**Records drawn from a dataset**:
______

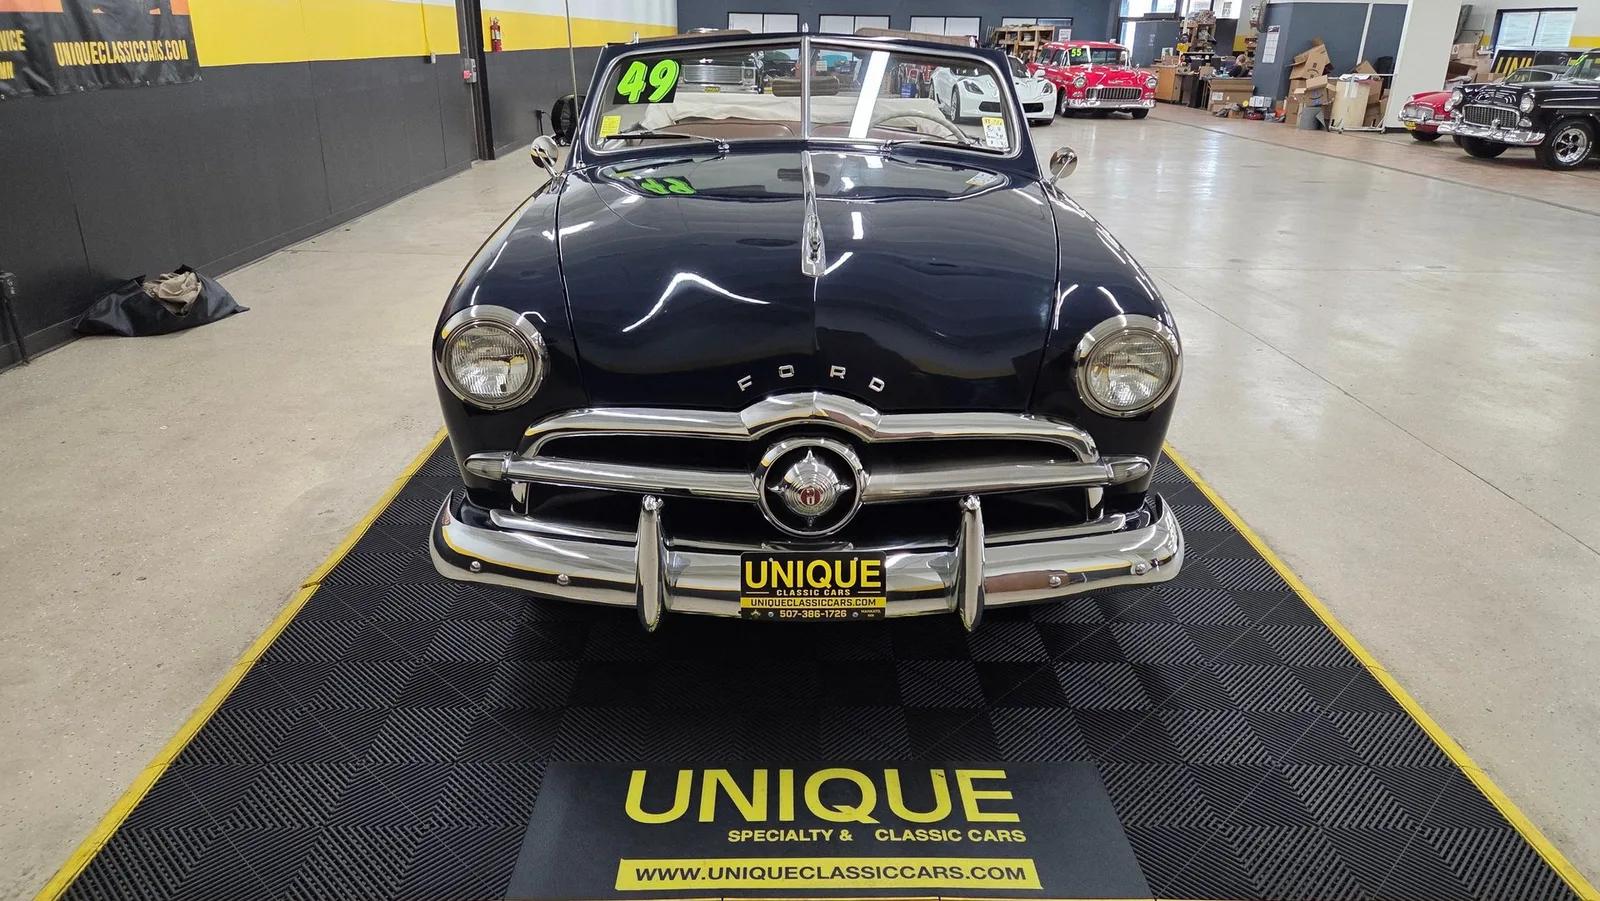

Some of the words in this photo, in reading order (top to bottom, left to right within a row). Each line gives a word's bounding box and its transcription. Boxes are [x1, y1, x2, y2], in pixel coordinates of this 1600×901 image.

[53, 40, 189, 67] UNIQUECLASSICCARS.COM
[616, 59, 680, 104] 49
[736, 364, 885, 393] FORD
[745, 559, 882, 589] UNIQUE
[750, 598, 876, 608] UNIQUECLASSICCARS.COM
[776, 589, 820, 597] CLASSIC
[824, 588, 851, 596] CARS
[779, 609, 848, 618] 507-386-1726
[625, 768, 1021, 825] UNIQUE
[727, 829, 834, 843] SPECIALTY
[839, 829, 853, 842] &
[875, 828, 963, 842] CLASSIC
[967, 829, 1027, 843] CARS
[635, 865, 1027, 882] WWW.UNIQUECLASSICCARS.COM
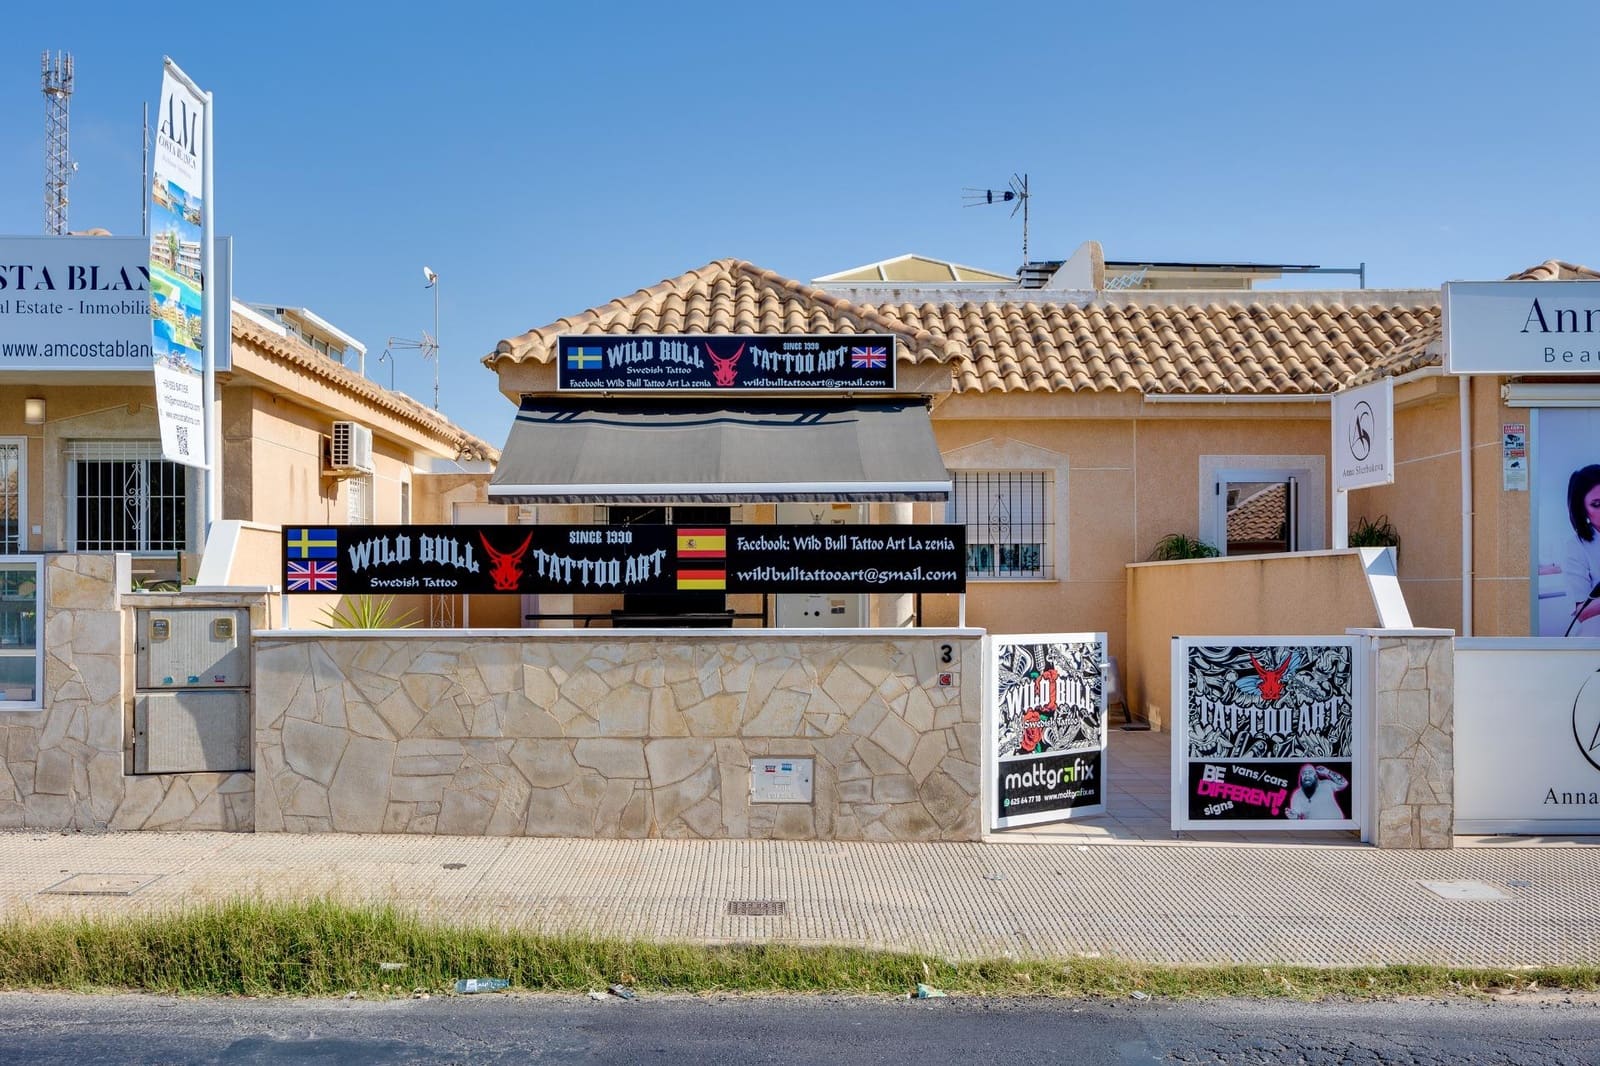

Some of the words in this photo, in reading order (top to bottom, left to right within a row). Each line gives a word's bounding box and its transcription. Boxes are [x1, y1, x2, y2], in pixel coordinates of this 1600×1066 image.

______

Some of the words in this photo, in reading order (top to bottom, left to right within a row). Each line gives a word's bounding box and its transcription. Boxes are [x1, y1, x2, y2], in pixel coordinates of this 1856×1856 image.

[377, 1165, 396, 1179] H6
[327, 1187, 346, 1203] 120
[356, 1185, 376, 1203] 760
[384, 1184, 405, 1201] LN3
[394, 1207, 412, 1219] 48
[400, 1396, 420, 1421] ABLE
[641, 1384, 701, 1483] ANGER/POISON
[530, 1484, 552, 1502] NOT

______

**Exercise brief**:
Repeat, without pictures, exactly the lines of the data above from the one containing "this 1600×901 image." through the one containing "this 1600×1066 image.", including both and adding nothing.

**Solution for this problem**:
Some of the words in this photo, in reading order (top to bottom, left to right within a row). Each line gives a word's bounding box and its transcription. Boxes are [x1, y1, x2, y2], in pixel coordinates of this 1600×901 image.

[53, 40, 189, 67] UNIQUECLASSICCARS.COM
[616, 59, 680, 104] 49
[736, 364, 885, 393] FORD
[745, 559, 882, 589] UNIQUE
[750, 598, 876, 608] UNIQUECLASSICCARS.COM
[776, 589, 820, 597] CLASSIC
[824, 588, 851, 596] CARS
[779, 609, 848, 618] 507-386-1726
[625, 768, 1021, 825] UNIQUE
[727, 829, 834, 843] SPECIALTY
[839, 829, 853, 842] &
[875, 828, 963, 842] CLASSIC
[967, 829, 1027, 843] CARS
[635, 865, 1027, 882] WWW.UNIQUECLASSICCARS.COM

Some of the words in this photo, in reading order (top to bottom, left to right within a row). Each line gives a word's bounding box and its transcription. Boxes are [x1, y1, x2, y2], in pixel coordinates of this 1600×1066 image.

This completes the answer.